╭─ Study material
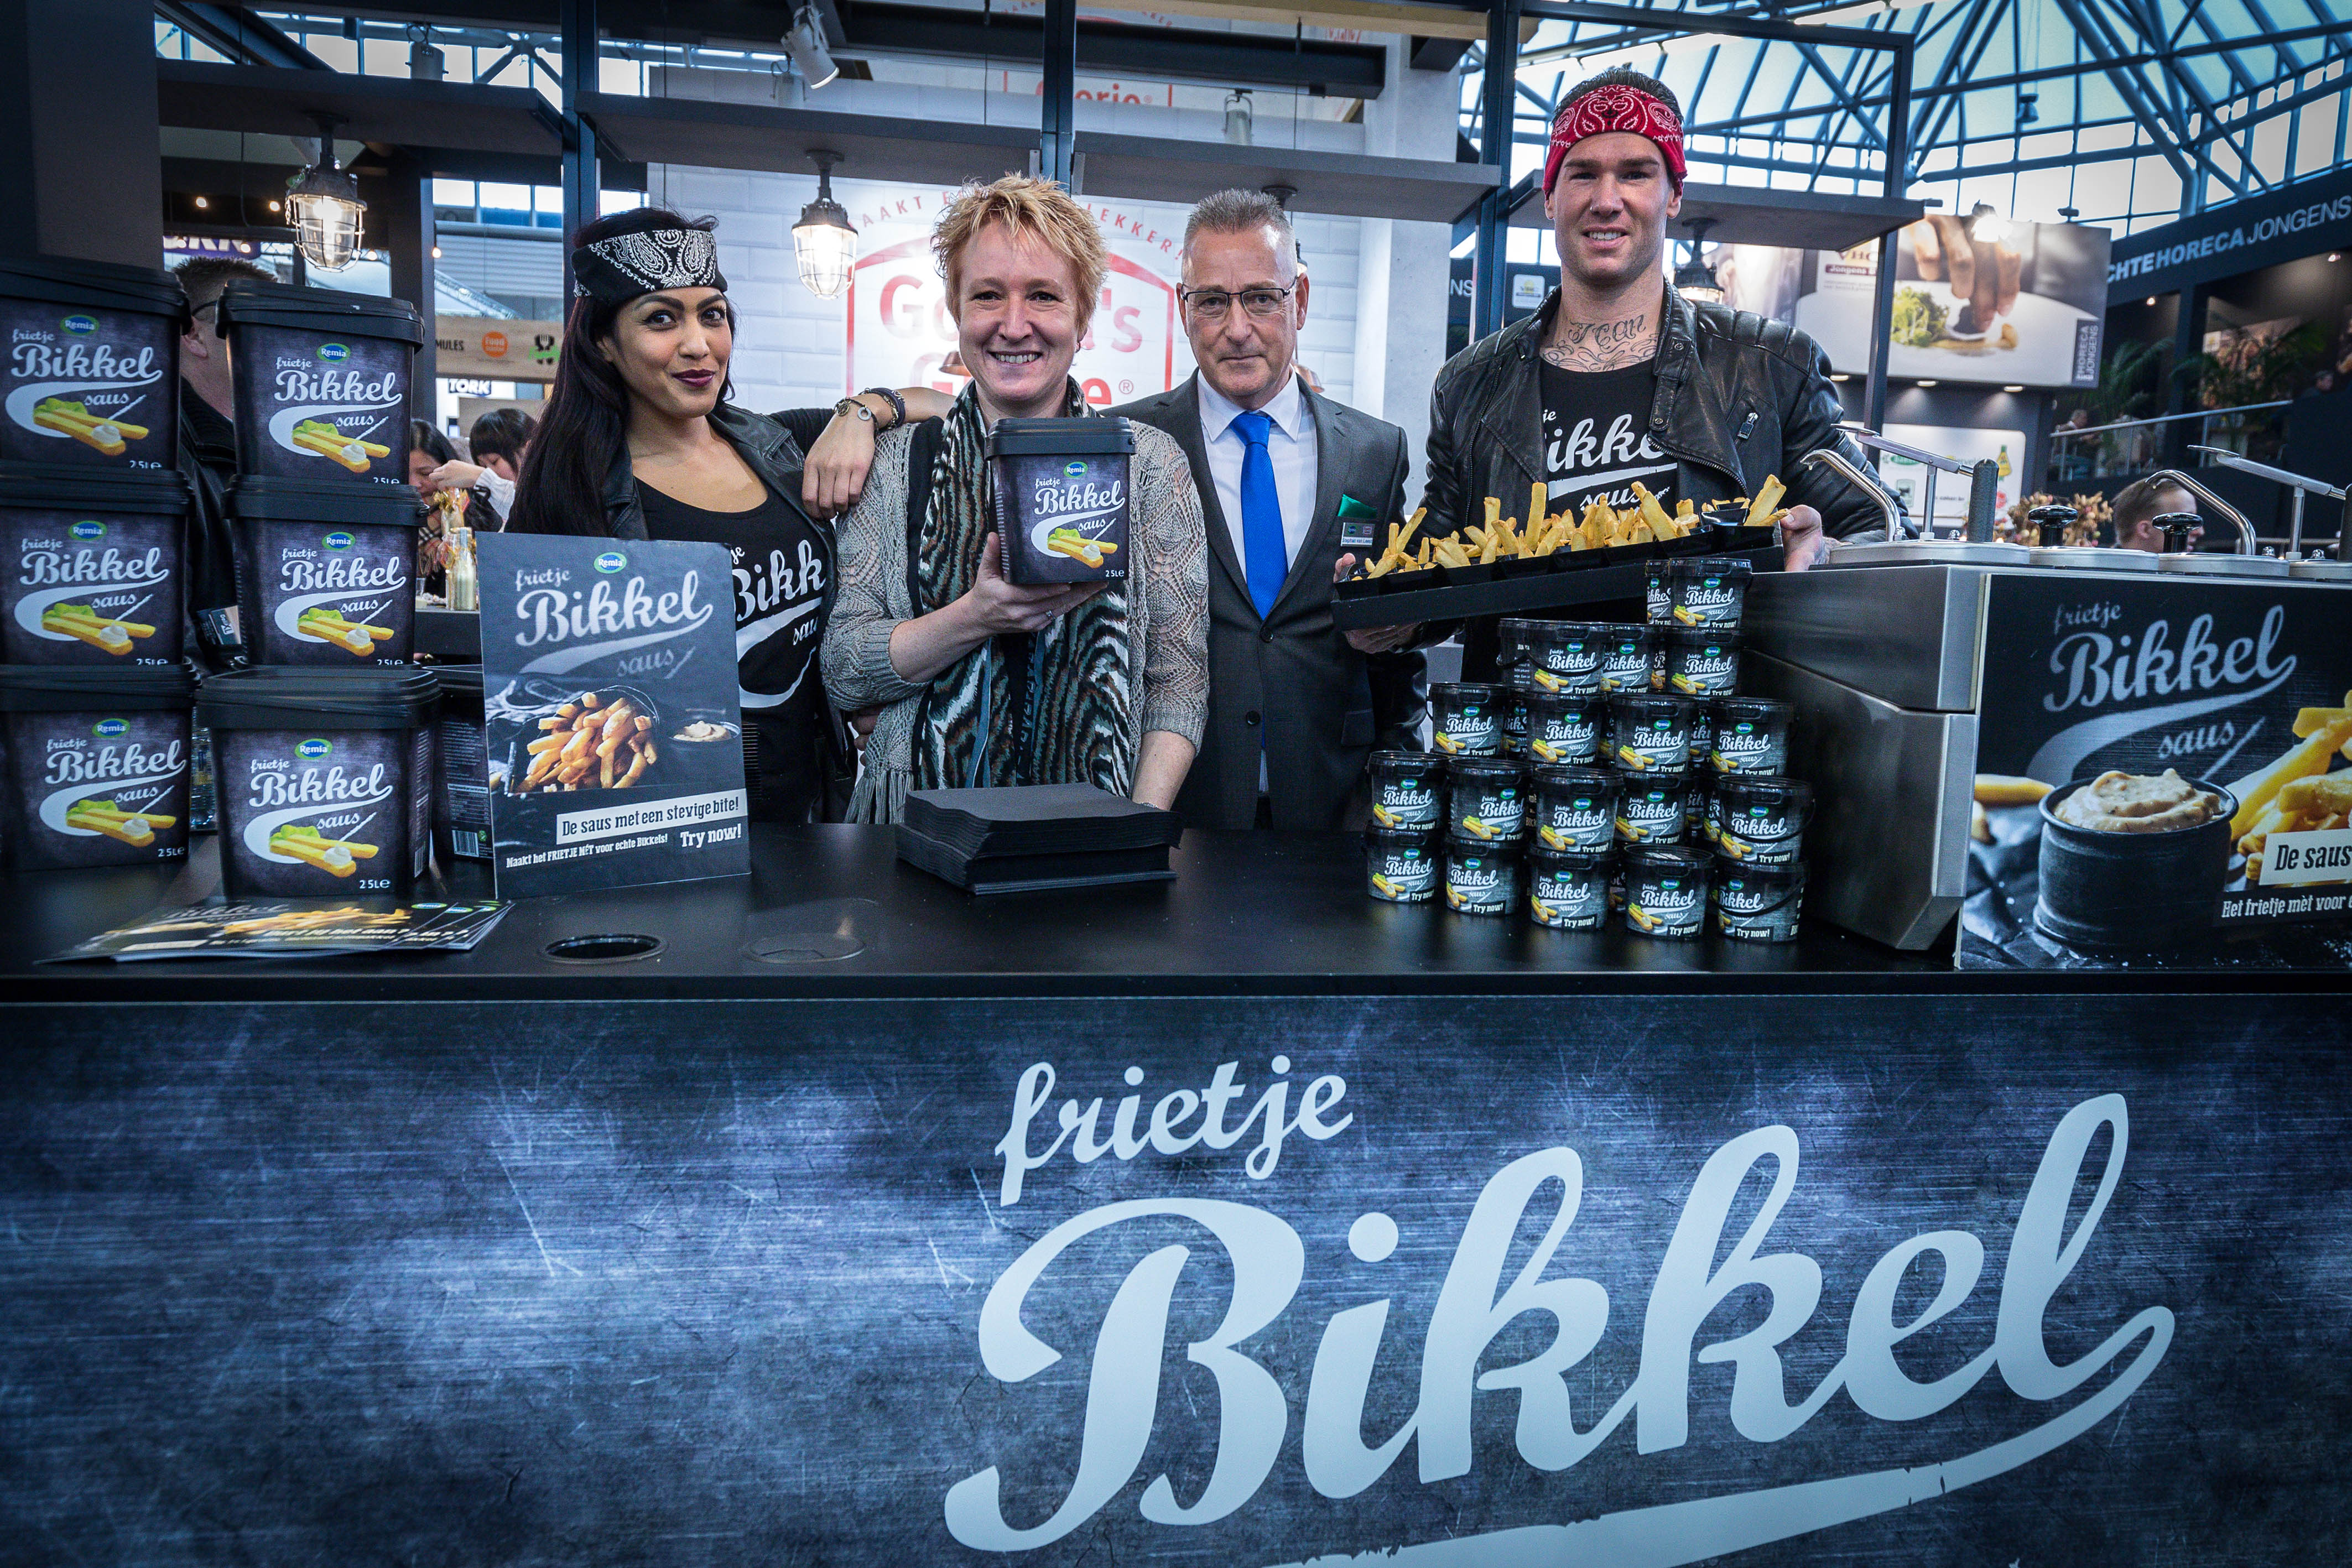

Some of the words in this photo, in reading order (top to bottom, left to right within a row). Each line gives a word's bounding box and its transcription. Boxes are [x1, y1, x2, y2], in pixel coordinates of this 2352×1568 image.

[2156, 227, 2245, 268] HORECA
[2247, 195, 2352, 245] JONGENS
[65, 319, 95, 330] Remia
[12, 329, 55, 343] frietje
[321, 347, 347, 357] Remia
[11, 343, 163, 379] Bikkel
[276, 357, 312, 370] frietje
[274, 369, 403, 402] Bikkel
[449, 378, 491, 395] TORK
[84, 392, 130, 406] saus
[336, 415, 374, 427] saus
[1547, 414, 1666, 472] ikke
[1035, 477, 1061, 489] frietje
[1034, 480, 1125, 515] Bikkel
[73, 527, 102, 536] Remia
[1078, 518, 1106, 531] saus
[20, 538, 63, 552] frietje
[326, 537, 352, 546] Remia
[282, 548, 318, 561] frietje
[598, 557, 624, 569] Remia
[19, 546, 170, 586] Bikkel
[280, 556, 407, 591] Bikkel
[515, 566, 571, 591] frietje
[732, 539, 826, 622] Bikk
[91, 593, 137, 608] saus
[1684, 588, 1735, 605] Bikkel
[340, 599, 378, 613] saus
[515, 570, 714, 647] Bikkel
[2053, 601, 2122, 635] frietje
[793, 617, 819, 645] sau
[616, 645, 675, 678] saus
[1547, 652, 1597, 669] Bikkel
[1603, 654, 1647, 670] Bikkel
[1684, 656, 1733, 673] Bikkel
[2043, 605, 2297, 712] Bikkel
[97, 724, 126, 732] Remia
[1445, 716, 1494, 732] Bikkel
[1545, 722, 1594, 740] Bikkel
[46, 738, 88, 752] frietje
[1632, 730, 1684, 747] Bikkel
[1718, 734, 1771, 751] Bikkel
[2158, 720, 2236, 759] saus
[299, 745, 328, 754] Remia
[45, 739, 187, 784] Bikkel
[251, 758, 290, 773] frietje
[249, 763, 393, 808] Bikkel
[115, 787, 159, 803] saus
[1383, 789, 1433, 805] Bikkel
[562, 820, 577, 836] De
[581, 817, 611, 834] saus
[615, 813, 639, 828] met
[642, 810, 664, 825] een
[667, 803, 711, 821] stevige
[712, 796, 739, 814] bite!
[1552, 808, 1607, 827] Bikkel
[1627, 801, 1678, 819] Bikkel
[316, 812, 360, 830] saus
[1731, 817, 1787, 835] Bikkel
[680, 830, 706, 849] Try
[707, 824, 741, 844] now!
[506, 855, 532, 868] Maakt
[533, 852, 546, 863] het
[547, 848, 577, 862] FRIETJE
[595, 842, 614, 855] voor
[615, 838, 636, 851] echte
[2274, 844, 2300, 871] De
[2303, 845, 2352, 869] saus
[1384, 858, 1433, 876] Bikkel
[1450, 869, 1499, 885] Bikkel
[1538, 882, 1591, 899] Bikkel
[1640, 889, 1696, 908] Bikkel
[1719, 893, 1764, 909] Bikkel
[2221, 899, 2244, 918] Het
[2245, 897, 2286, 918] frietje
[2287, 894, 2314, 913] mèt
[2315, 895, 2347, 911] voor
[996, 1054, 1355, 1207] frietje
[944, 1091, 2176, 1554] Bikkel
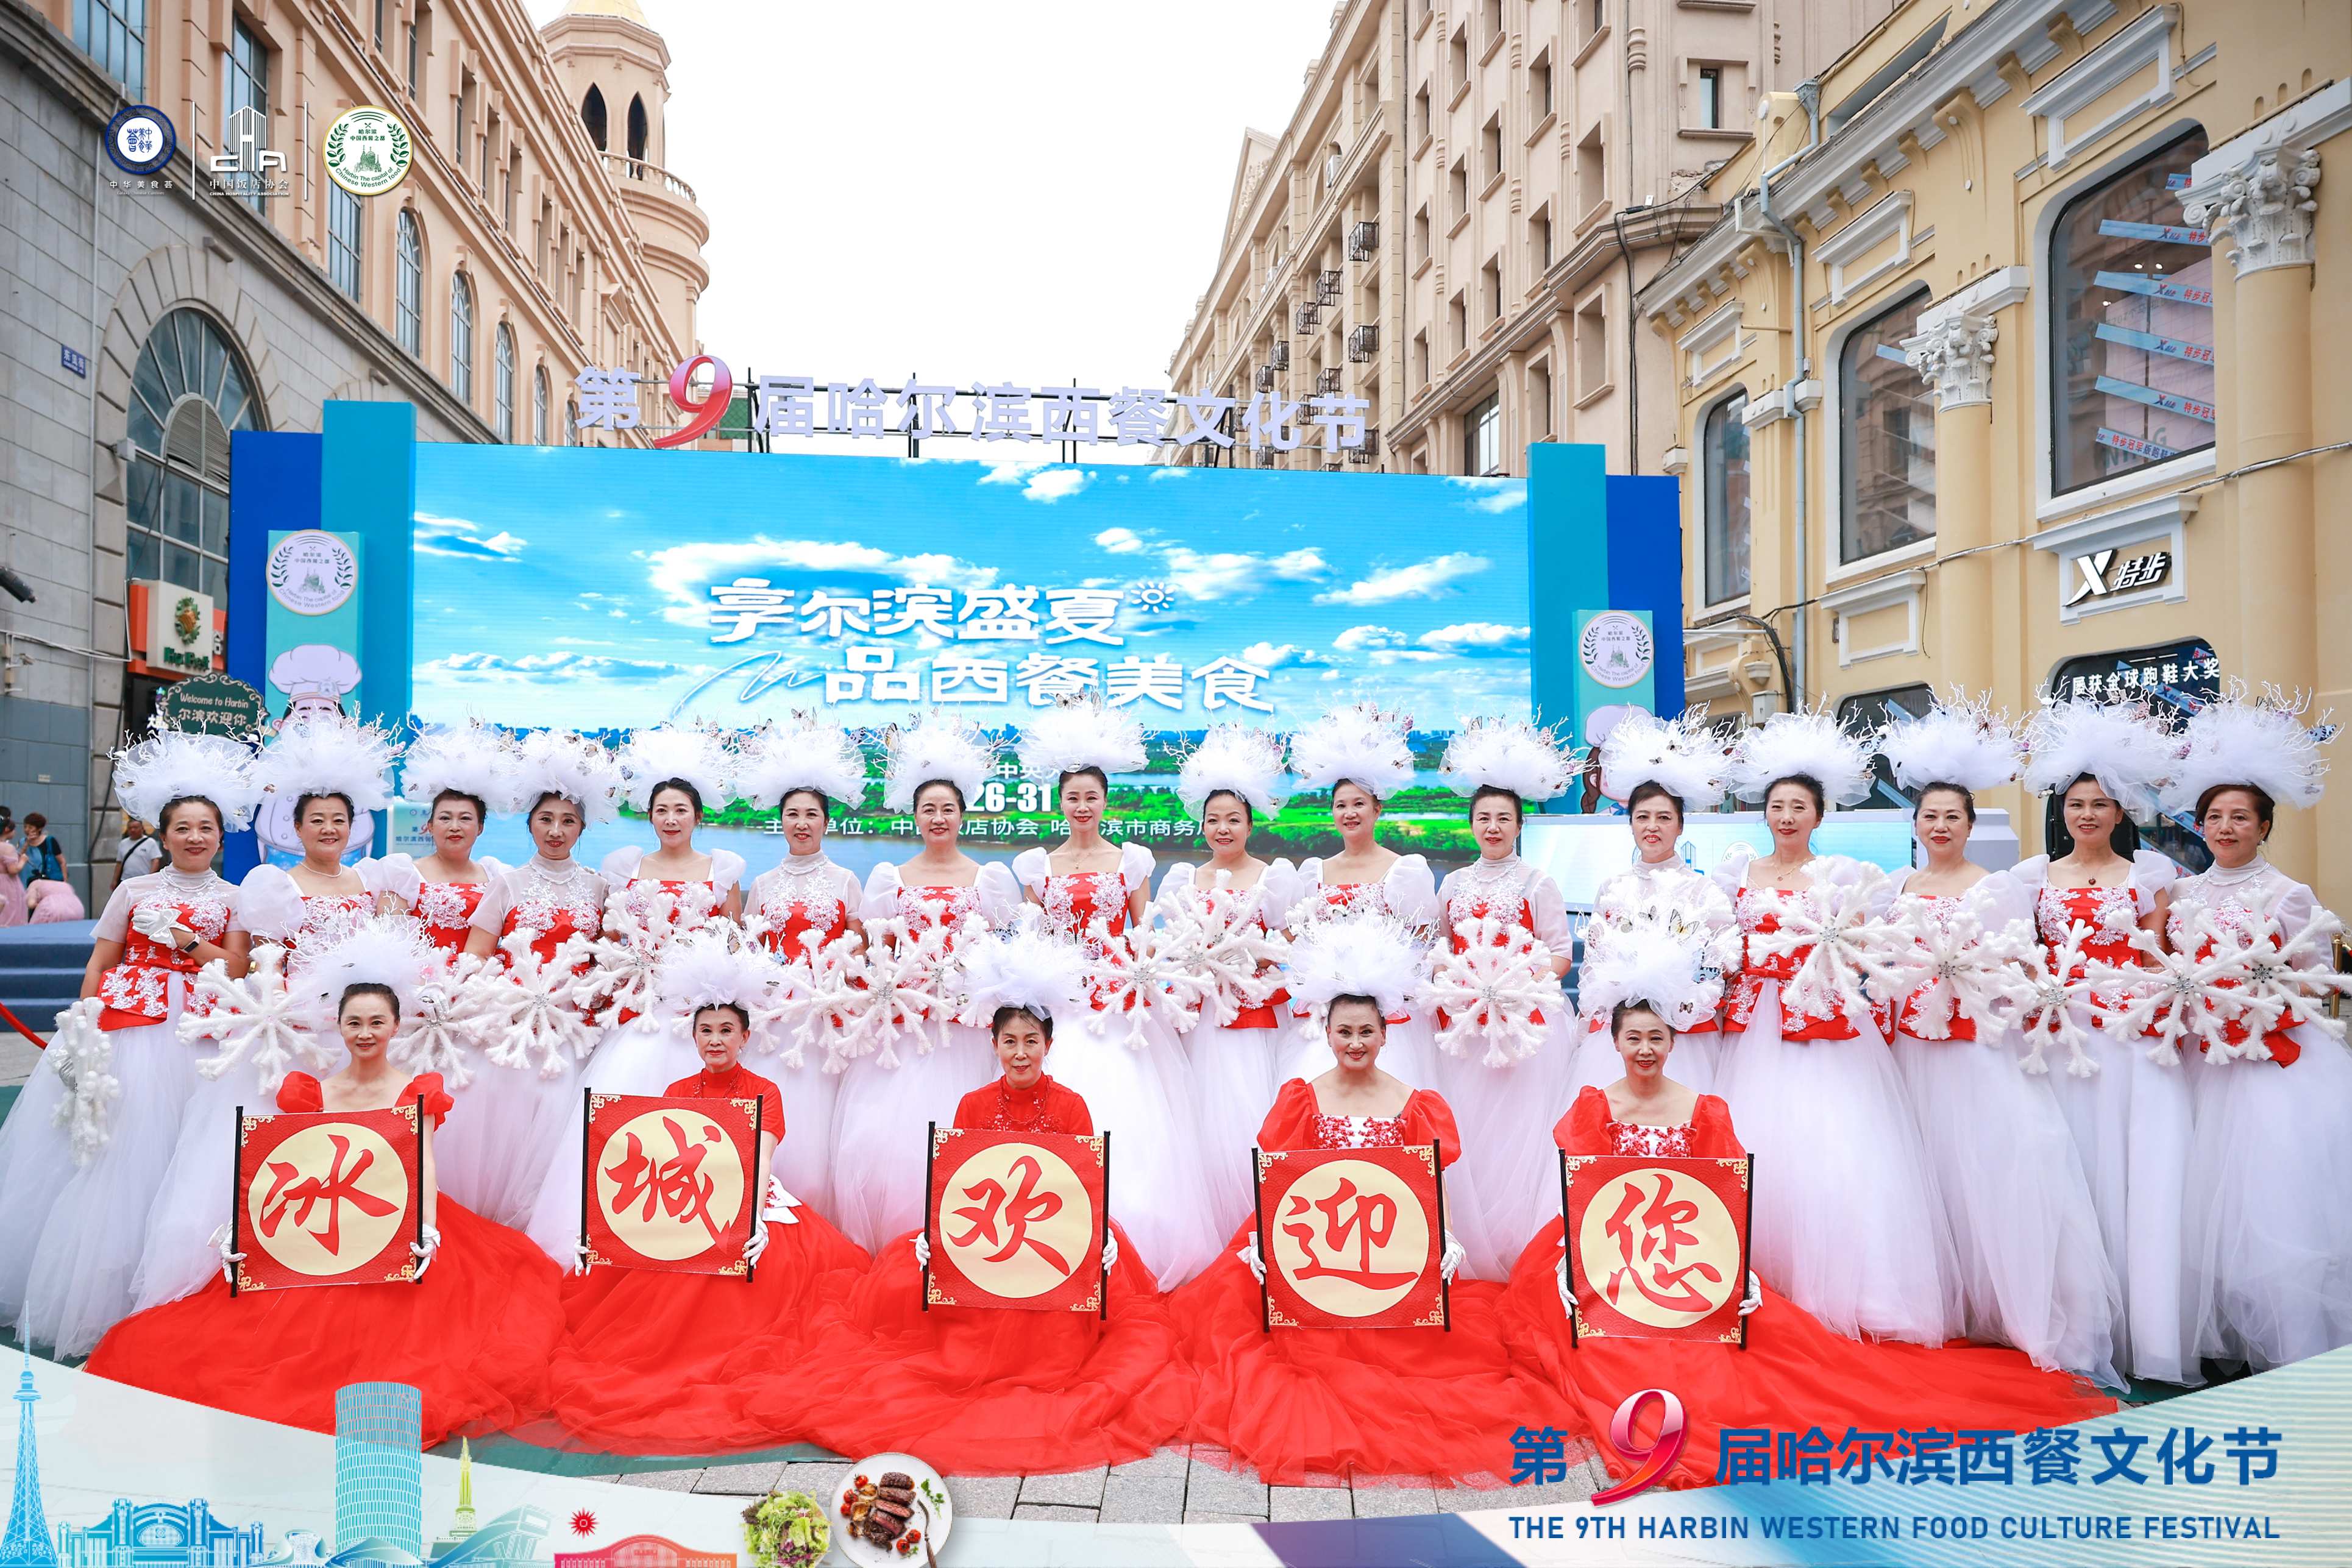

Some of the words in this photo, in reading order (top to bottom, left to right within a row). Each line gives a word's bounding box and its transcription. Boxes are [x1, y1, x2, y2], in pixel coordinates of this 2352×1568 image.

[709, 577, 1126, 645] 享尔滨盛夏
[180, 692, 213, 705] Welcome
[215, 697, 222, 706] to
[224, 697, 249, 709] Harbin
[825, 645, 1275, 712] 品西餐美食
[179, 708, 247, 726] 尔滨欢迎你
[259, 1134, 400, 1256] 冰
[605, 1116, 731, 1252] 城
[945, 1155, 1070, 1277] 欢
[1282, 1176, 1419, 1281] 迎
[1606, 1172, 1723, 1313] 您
╰─
§ **Work task**: Without the pictures, reproduce every line of the records above exactly.

§ **Worked solution**:
Some of the words in this photo, in reading order (top to bottom, left to right within a row). Each line gives a word's bounding box and its transcription. Boxes are [x1, y1, x2, y2], in pixel coordinates of this 2352×1568 image.

[2156, 227, 2245, 268] HORECA
[2247, 195, 2352, 245] JONGENS
[65, 319, 95, 330] Remia
[12, 329, 55, 343] frietje
[321, 347, 347, 357] Remia
[11, 343, 163, 379] Bikkel
[276, 357, 312, 370] frietje
[274, 369, 403, 402] Bikkel
[449, 378, 491, 395] TORK
[84, 392, 130, 406] saus
[336, 415, 374, 427] saus
[1547, 414, 1666, 472] ikke
[1035, 477, 1061, 489] frietje
[1034, 480, 1125, 515] Bikkel
[73, 527, 102, 536] Remia
[1078, 518, 1106, 531] saus
[20, 538, 63, 552] frietje
[326, 537, 352, 546] Remia
[282, 548, 318, 561] frietje
[598, 557, 624, 569] Remia
[19, 546, 170, 586] Bikkel
[280, 556, 407, 591] Bikkel
[515, 566, 571, 591] frietje
[732, 539, 826, 622] Bikk
[91, 593, 137, 608] saus
[1684, 588, 1735, 605] Bikkel
[340, 599, 378, 613] saus
[515, 570, 714, 647] Bikkel
[2053, 601, 2122, 635] frietje
[793, 617, 819, 645] sau
[616, 645, 675, 678] saus
[1547, 652, 1597, 669] Bikkel
[1603, 654, 1647, 670] Bikkel
[1684, 656, 1733, 673] Bikkel
[2043, 605, 2297, 712] Bikkel
[97, 724, 126, 732] Remia
[1445, 716, 1494, 732] Bikkel
[1545, 722, 1594, 740] Bikkel
[46, 738, 88, 752] frietje
[1632, 730, 1684, 747] Bikkel
[1718, 734, 1771, 751] Bikkel
[2158, 720, 2236, 759] saus
[299, 745, 328, 754] Remia
[45, 739, 187, 784] Bikkel
[251, 758, 290, 773] frietje
[249, 763, 393, 808] Bikkel
[115, 787, 159, 803] saus
[1383, 789, 1433, 805] Bikkel
[562, 820, 577, 836] De
[581, 817, 611, 834] saus
[615, 813, 639, 828] met
[642, 810, 664, 825] een
[667, 803, 711, 821] stevige
[712, 796, 739, 814] bite!
[1552, 808, 1607, 827] Bikkel
[1627, 801, 1678, 819] Bikkel
[316, 812, 360, 830] saus
[1731, 817, 1787, 835] Bikkel
[680, 830, 706, 849] Try
[707, 824, 741, 844] now!
[506, 855, 532, 868] Maakt
[533, 852, 546, 863] het
[547, 848, 577, 862] FRIETJE
[595, 842, 614, 855] voor
[615, 838, 636, 851] echte
[2274, 844, 2300, 871] De
[2303, 845, 2352, 869] saus
[1384, 858, 1433, 876] Bikkel
[1450, 869, 1499, 885] Bikkel
[1538, 882, 1591, 899] Bikkel
[1640, 889, 1696, 908] Bikkel
[1719, 893, 1764, 909] Bikkel
[2221, 899, 2244, 918] Het
[2245, 897, 2286, 918] frietje
[2287, 894, 2314, 913] mèt
[2315, 895, 2347, 911] voor
[996, 1054, 1355, 1207] frietje
[944, 1091, 2176, 1554] Bikkel

Some of the words in this photo, in reading order (top to bottom, left to right within a row). Each line gives a word's bounding box and its transcription. Boxes are [x1, y1, x2, y2], in pixel coordinates of this 2352×1568 image.

[709, 577, 1126, 645] 享尔滨盛夏
[180, 692, 213, 705] Welcome
[215, 697, 222, 706] to
[224, 697, 249, 709] Harbin
[825, 645, 1275, 712] 品西餐美食
[179, 708, 247, 726] 尔滨欢迎你
[259, 1134, 400, 1256] 冰
[605, 1116, 731, 1252] 城
[945, 1155, 1070, 1277] 欢
[1282, 1176, 1419, 1281] 迎
[1606, 1172, 1723, 1313] 您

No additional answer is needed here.